(Data excerpts)
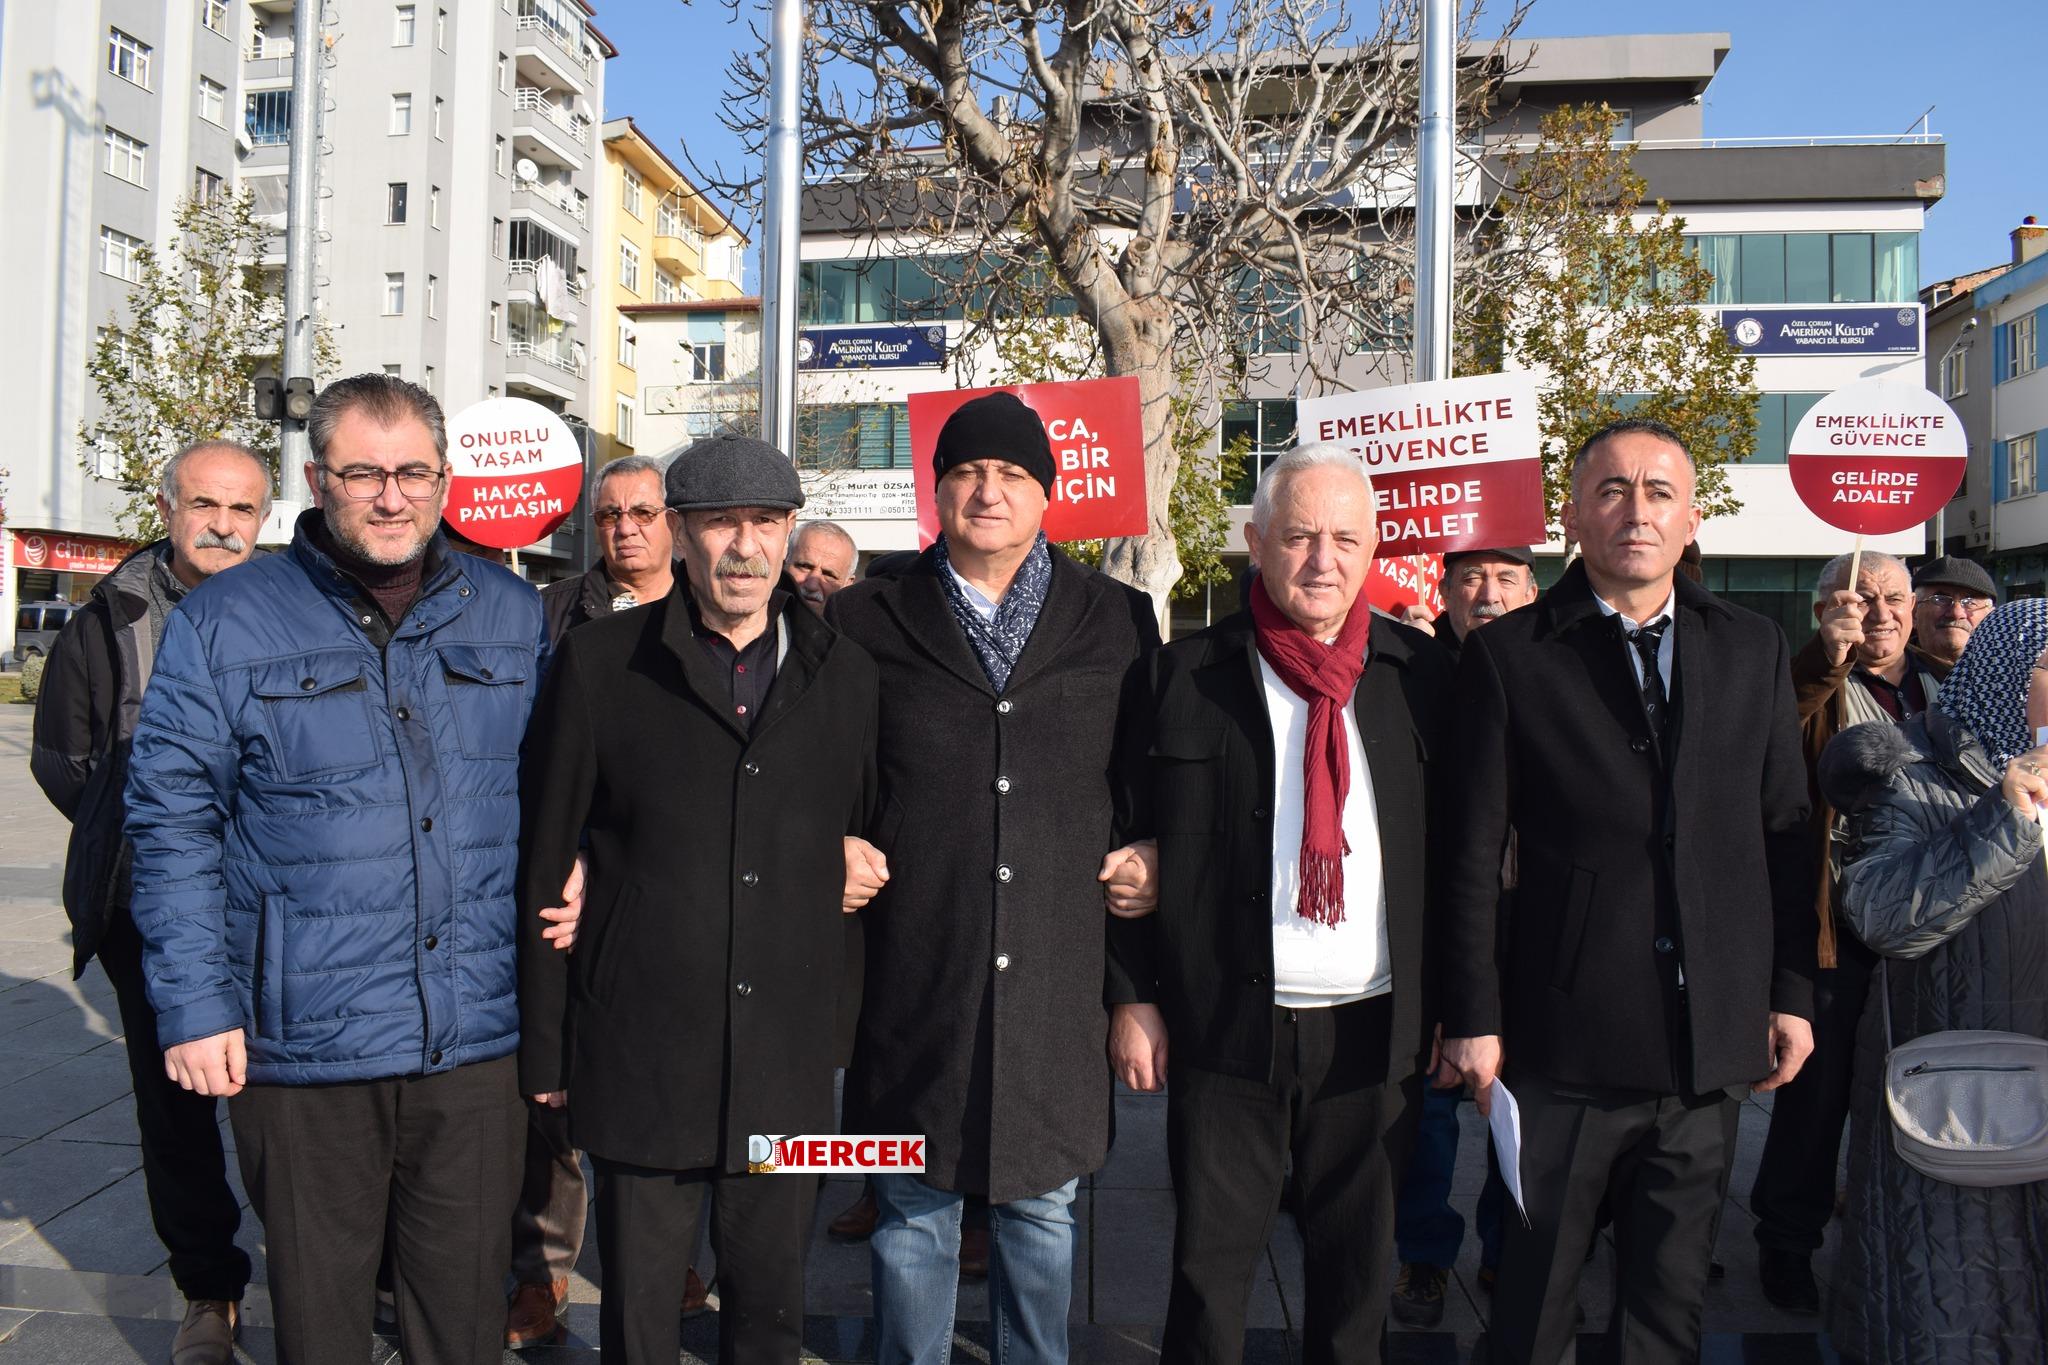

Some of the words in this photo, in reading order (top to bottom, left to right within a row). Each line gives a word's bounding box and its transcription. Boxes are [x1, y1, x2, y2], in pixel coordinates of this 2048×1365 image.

[1042, 417, 1099, 442] CA,
[1319, 397, 1513, 441] EMEKLİLİKTE
[1815, 413, 1945, 429] EMEKLİLİKTE
[460, 427, 549, 449] ONURLU
[1830, 430, 1926, 447] GÜVENCE
[470, 448, 543, 469] YAŞAM
[1061, 443, 1110, 471] BİR
[1055, 473, 1116, 504] İÇİN
[1831, 469, 1919, 487] GELİRDE
[473, 482, 547, 503] HAKÇA
[1374, 480, 1483, 512] ELİRDE
[1832, 489, 1915, 505] ADALET
[459, 498, 563, 523] PAYLAŞIM
[1379, 512, 1480, 543] DALET

§ WHAT TO DO
Each entry is to be output exactly, and no picture is to appear.

§ FINISHED TASK
Some of the words in this photo, in reading order (top to bottom, left to right within a row). Each line gives a word's bounding box and its transcription. Boxes are [x1, y1, x2, y2], in pixel coordinates of this 2048×1365 image.

[1042, 417, 1099, 442] CA,
[1319, 397, 1513, 441] EMEKLİLİKTE
[1815, 413, 1945, 429] EMEKLİLİKTE
[460, 427, 549, 449] ONURLU
[1830, 430, 1926, 447] GÜVENCE
[470, 448, 543, 469] YAŞAM
[1061, 443, 1110, 471] BİR
[1055, 473, 1116, 504] İÇİN
[1831, 469, 1919, 487] GELİRDE
[473, 482, 547, 503] HAKÇA
[1374, 480, 1483, 512] ELİRDE
[1832, 489, 1915, 505] ADALET
[459, 498, 563, 523] PAYLAŞIM
[1379, 512, 1480, 543] DALET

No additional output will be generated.